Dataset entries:

============================================================

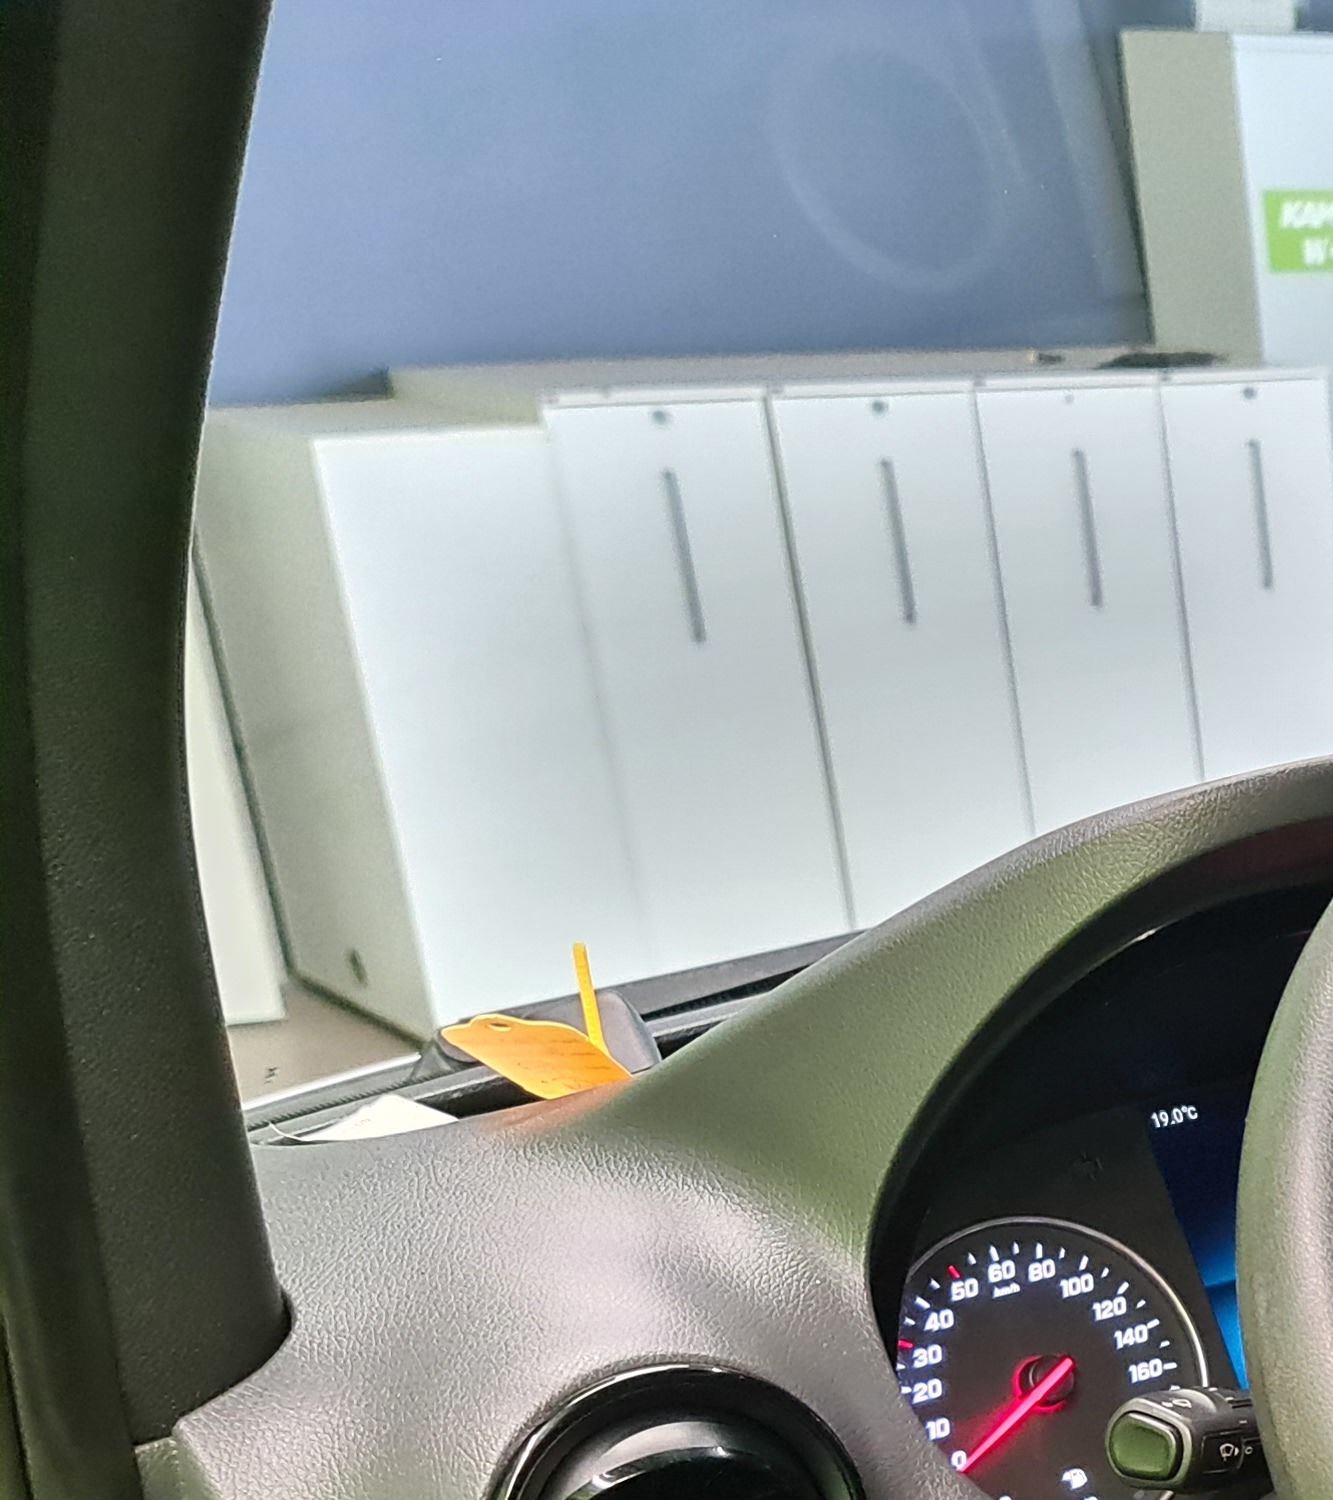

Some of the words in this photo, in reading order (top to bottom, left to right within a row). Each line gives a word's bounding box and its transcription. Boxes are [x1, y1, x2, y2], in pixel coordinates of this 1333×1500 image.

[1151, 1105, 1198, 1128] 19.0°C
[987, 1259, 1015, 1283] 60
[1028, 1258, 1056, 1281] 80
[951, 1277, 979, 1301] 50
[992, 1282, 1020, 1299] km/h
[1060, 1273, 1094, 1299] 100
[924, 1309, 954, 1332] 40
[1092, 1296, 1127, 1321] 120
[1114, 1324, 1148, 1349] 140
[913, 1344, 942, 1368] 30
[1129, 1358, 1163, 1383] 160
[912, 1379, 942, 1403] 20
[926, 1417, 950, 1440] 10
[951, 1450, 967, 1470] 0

============================================================

- ABOUT THIS EXERCISE
Exact repetition of all entries is required. The pictures should not appear.

- SOLUTION TO THE PROBLEM
Some of the words in this photo, in reading order (top to bottom, left to right within a row). Each line gives a word's bounding box and its transcription. Boxes are [x1, y1, x2, y2], in pixel coordinates of this 1333×1500 image.

[1151, 1105, 1198, 1128] 19.0°C
[987, 1259, 1015, 1283] 60
[1028, 1258, 1056, 1281] 80
[951, 1277, 979, 1301] 50
[992, 1282, 1020, 1299] km/h
[1060, 1273, 1094, 1299] 100
[924, 1309, 954, 1332] 40
[1092, 1296, 1127, 1321] 120
[1114, 1324, 1148, 1349] 140
[913, 1344, 942, 1368] 30
[1129, 1358, 1163, 1383] 160
[912, 1379, 942, 1403] 20
[926, 1417, 950, 1440] 10
[951, 1450, 967, 1470] 0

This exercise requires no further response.